With the breakthrough of AlphaFold2, the protein structure prediction problem has made remarkable progress through deep learning end-to-end techniques, in which correct folds could be built for nearly all single-domain proteins. However, the full-chain modelling appears to be lower on average accuracy than that for the constituent domains and requires higher demand on computing hardware, indicating the performance of full-chain modelling still needs to be improved. In this study, we investigate whether the predicted accuracy of the full-chain model can be further improved by domain assembly assisted by deep learning.

RESULTS

In this article, we developed a structural analogue-based protein structure domain assembly method assisted by deep learning, named SADA. In SADA, a multi-domain protein structure database was constructed for the full-chain analogue detection using individual domain models. Starting from the initial model constructed from the analogue, the domain assembly simulation was performed to generate the full-chain model through a two-stage differential evolution algorithm guided by the energy function with an inter-residue distance potential predicted by deep learning. SADA was compared with the state-of-the-art domain assembly methods on 356 benchmark proteins, and the average TM-score of SADA models is 8.1% and 27.0% higher than that of DEMO and AIDA, respectively. We also assembled 293 human multi-domain proteins, where the average TM-score of the full-chain model after the assembly by SADA is 1.1% higher than that of the model by AlphaFold2. To conclude, we find that the domains often interact in the similar way in the quaternary orientations if the domains have similar tertiary structures. Furthermore, homologous templates and structural analogues are complementary for multi-domain protein full-chain modelling.

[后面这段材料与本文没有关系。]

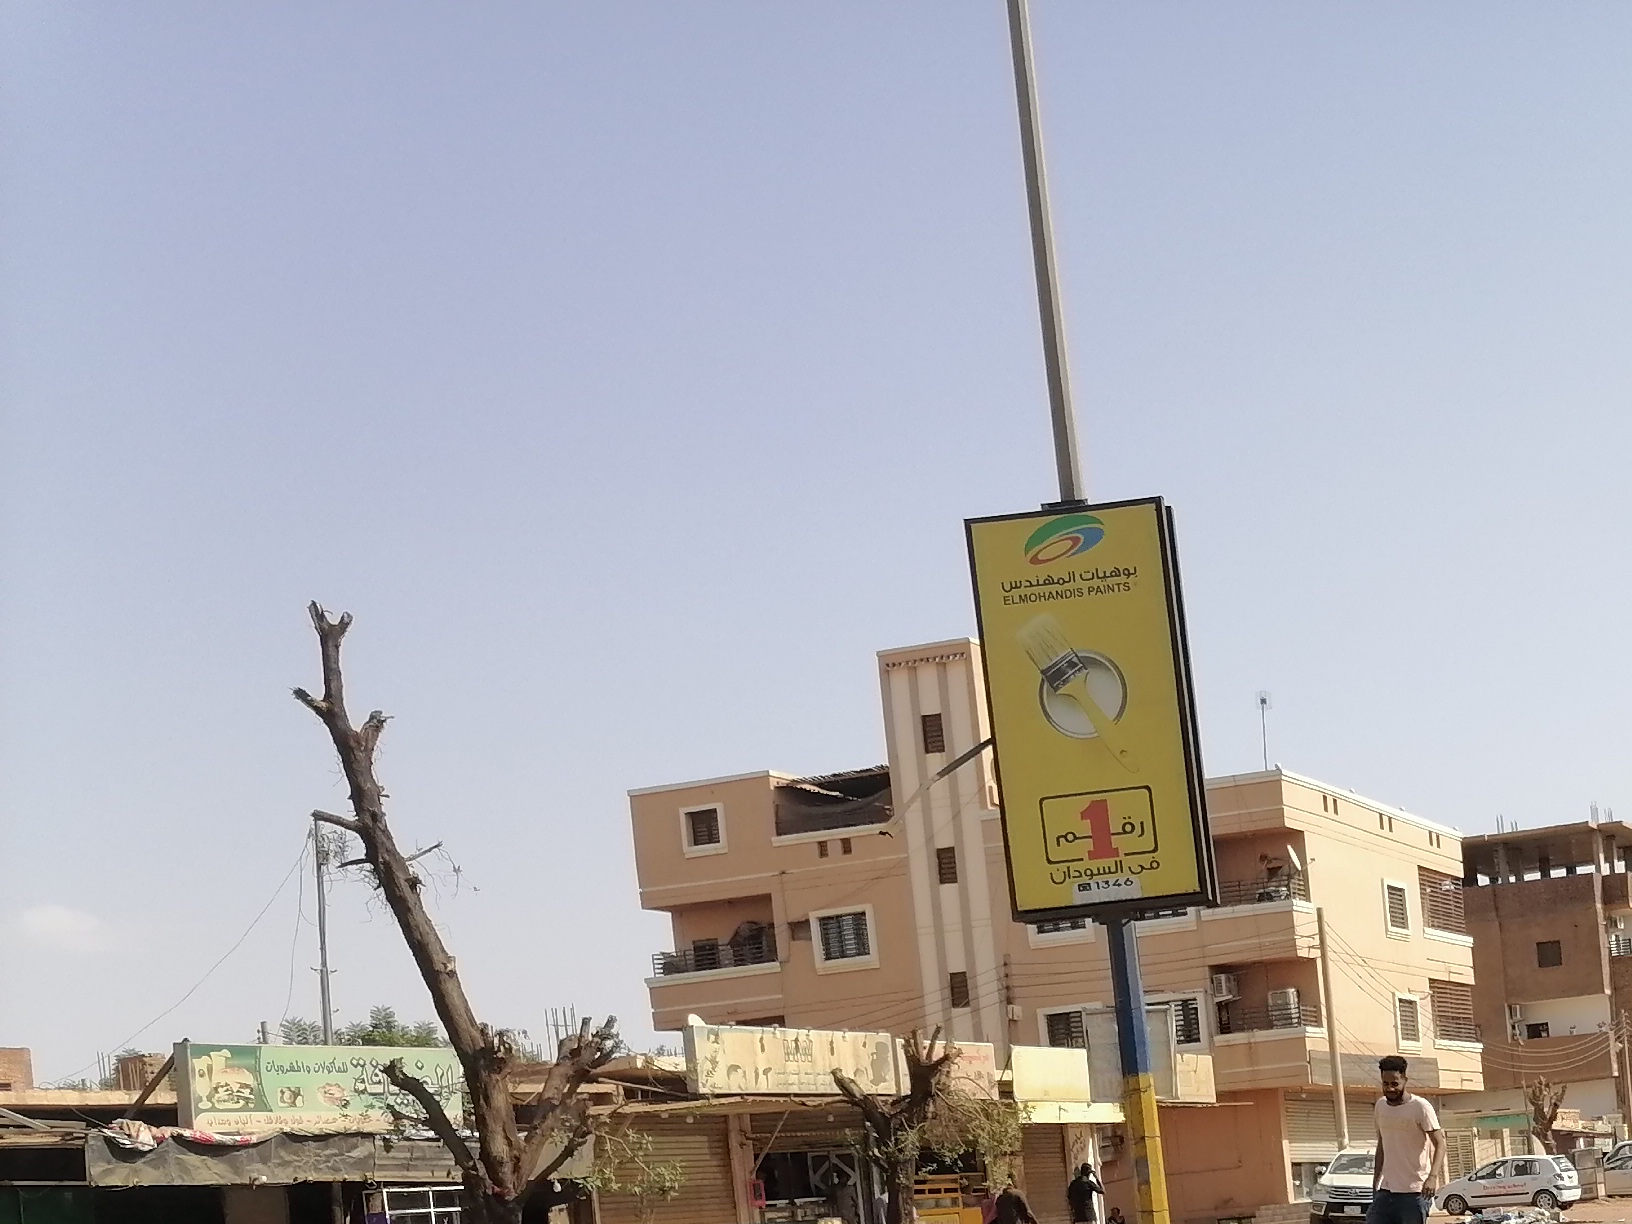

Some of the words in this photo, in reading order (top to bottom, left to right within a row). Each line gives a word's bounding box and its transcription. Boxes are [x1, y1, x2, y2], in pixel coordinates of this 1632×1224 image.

[1001, 571, 1076, 593] المهندس
[1079, 566, 1138, 582] بوهيات
[1003, 587, 1084, 606] ELMOHANDIS
[1087, 581, 1131, 596] PAINTS
[1080, 799, 1120, 861] 1
[1050, 859, 1124, 885] السودان
[1095, 878, 1134, 890] 1346
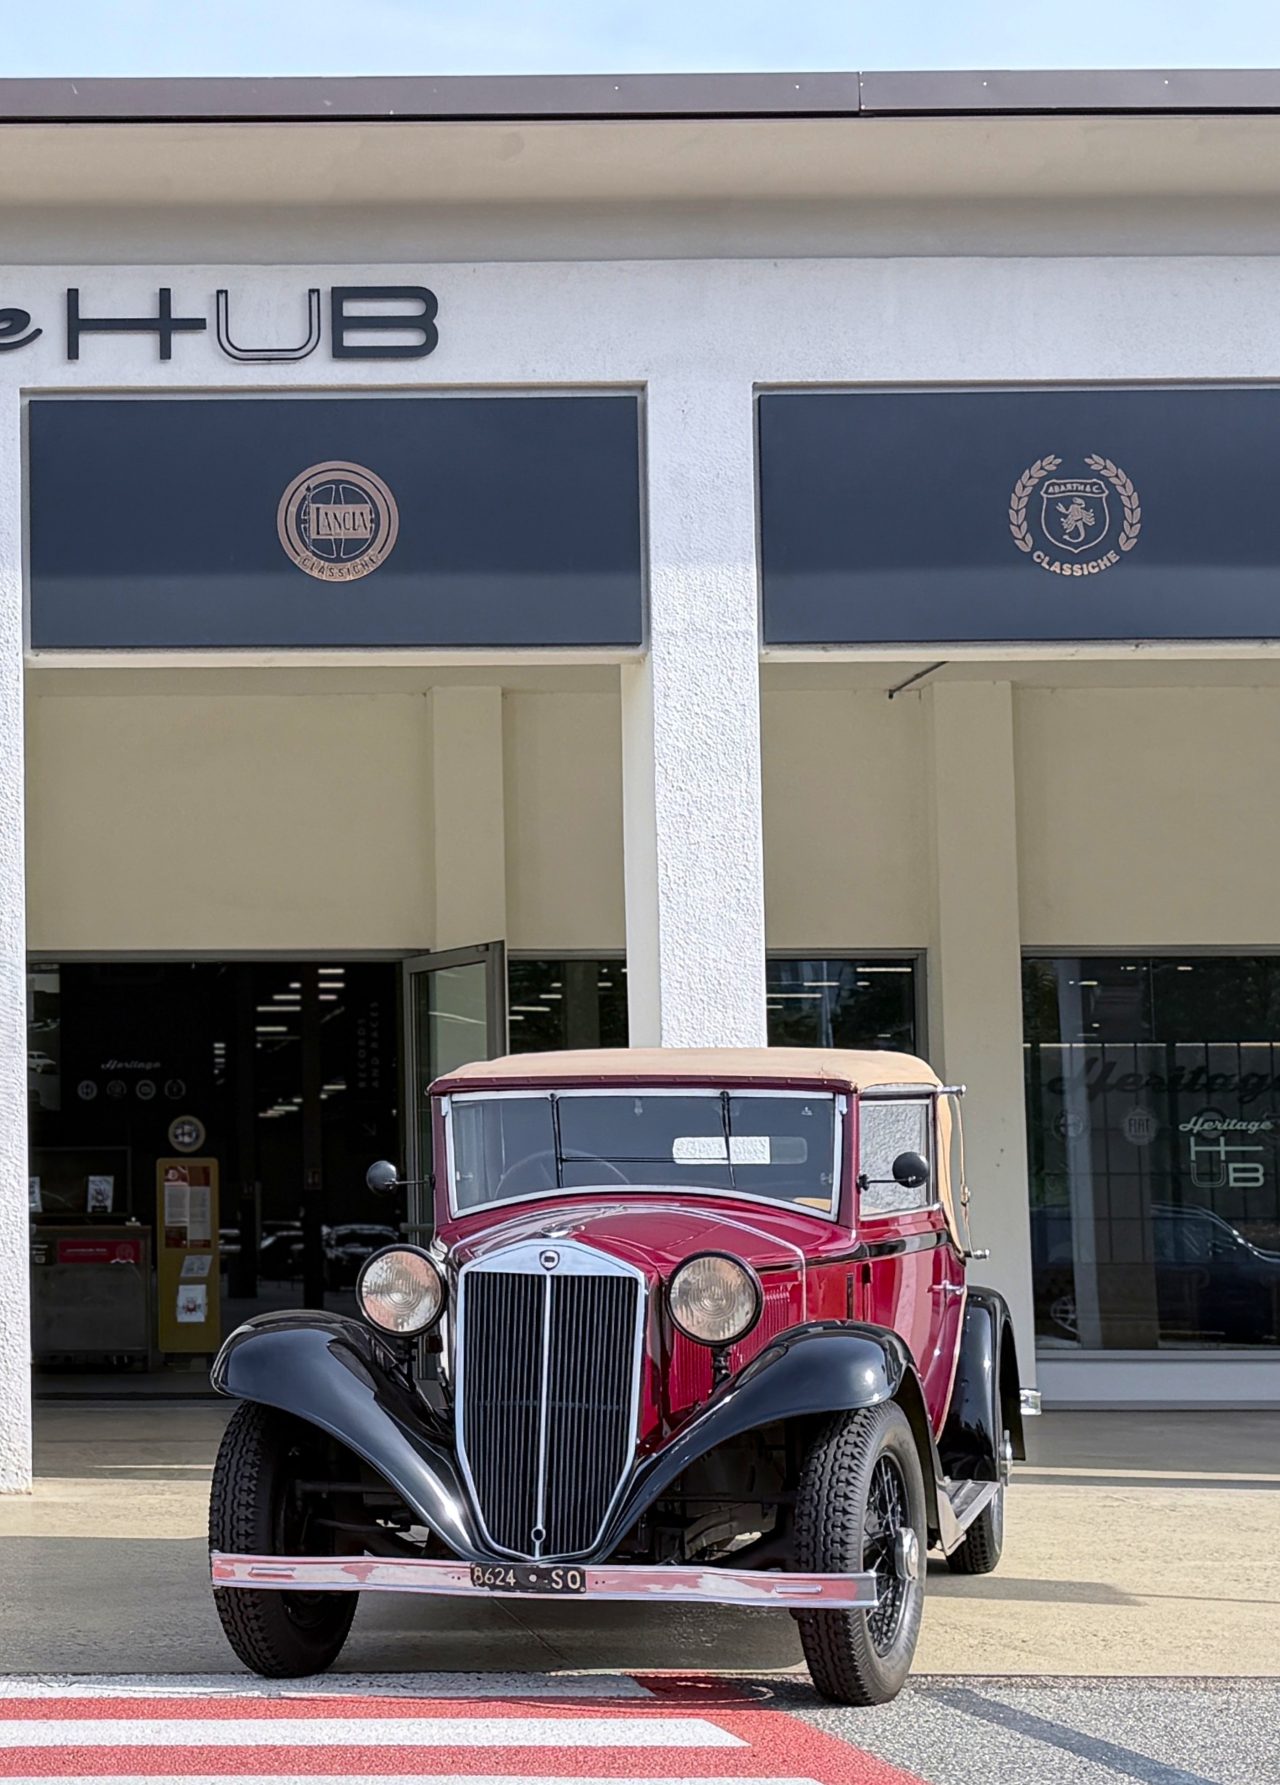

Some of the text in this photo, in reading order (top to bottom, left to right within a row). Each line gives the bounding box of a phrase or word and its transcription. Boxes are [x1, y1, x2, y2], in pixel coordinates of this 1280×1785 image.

[67, 285, 439, 363] HUB
[316, 506, 368, 536] LANCIA
[302, 555, 377, 577] CLASSICHE
[1032, 550, 1120, 577] CLASSICHE
[1179, 1115, 1274, 1135] Heritage
[473, 1567, 516, 1587] 8624

AVAILABILITY AND IMPLEMENTATION

http://zhanglab-bioinf.com/SADA.

SUPPLEMENTARY INFORMATION

Supplementary data are available at Bioinformatics online.

摘要

动机

随着 AlphaFold2 的突破，通过深度学习端到端技术，蛋白质结构预测问题取得了显著进展，几乎所有的单域蛋白都可以构建正确的折叠结构。然而，全链建模的平均精度似乎低于组成域的精度，并且需要更高的计算硬件要求，这表明全链建模的性能仍有待提高。在这项研究中，我们研究了通过深度学习辅助的结构域组装是否可以进一步提高全链模型的预测准确性。

结果

在本文中，我们开发了一种基于结构类似物的蛋白质结构域组装方法，该方法由深度学习辅助，称为 SADA。在 SADA 中，使用单个结构域模型构建了一个多域蛋白质结构数据库，用于全链类似物检测。从由类似物构建的初始模型开始，通过两阶段差分进化算法，在由深度学习预测的残基间距离势能的能量函数指导下，进行结构域组装模拟，生成全链模型。SADA 与最先进的结构域组装方法在 356 个基准蛋白上进行了比较，SADA 模型的平均 TM 评分比 DEMO 和 AIDA 分别高 8.1%和 27.0%。我们还组装了 293 个人类多域蛋白，其中通过 SADA 组装后的全链模型的平均 TM 评分比 AlphaFold2 高 1.1%。总之，我们发现如果结构域具有相似的三级结构，那么它们在四级构象中通常以相似的方式相互作用。此外，同源模板和结构类似物对多域蛋白全链建模是互补的。